Referring expression grounding data:
---*---

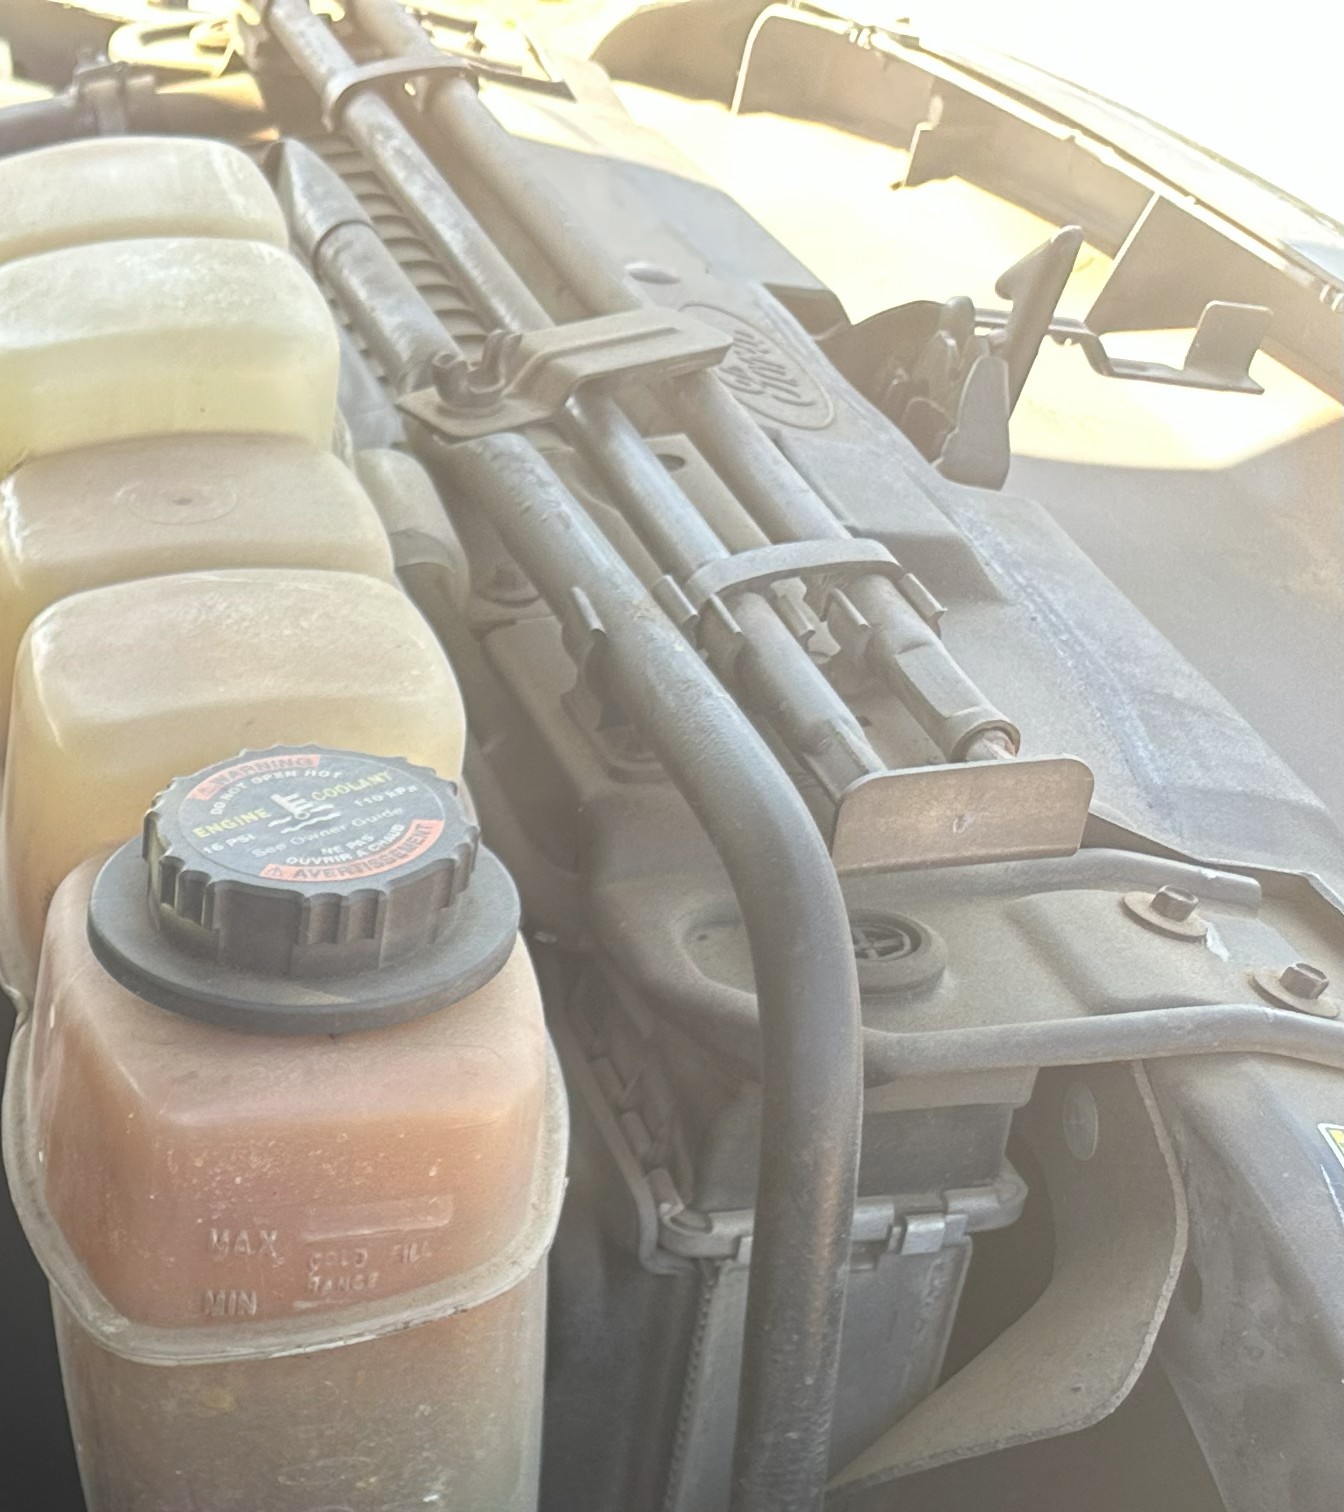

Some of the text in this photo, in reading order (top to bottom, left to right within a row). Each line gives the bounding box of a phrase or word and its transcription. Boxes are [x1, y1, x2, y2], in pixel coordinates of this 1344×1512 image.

[209, 756, 311, 792] WARNING
[221, 781, 247, 802] NOT
[252, 769, 297, 786] OPEN
[304, 769, 343, 780] HOT
[192, 771, 394, 839] ENGINE COOLANT
[226, 833, 256, 849] PSI
[251, 806, 405, 858] See Owner Guide
[292, 822, 435, 879] AVERTISSEMENT
[210, 1228, 278, 1259] MAX
[204, 1289, 258, 1316] MIN

---*---

Task prompt: Return the preceding entries verbatim, with the pictures excluded.

Output of the task:
Some of the text in this photo, in reading order (top to bottom, left to right within a row). Each line gives the bounding box of a phrase or word and its transcription. Boxes are [x1, y1, x2, y2], in pixel coordinates of this 1344×1512 image.

[209, 756, 311, 792] WARNING
[221, 781, 247, 802] NOT
[252, 769, 297, 786] OPEN
[304, 769, 343, 780] HOT
[192, 771, 394, 839] ENGINE COOLANT
[226, 833, 256, 849] PSI
[251, 806, 405, 858] See Owner Guide
[292, 822, 435, 879] AVERTISSEMENT
[210, 1228, 278, 1259] MAX
[204, 1289, 258, 1316] MIN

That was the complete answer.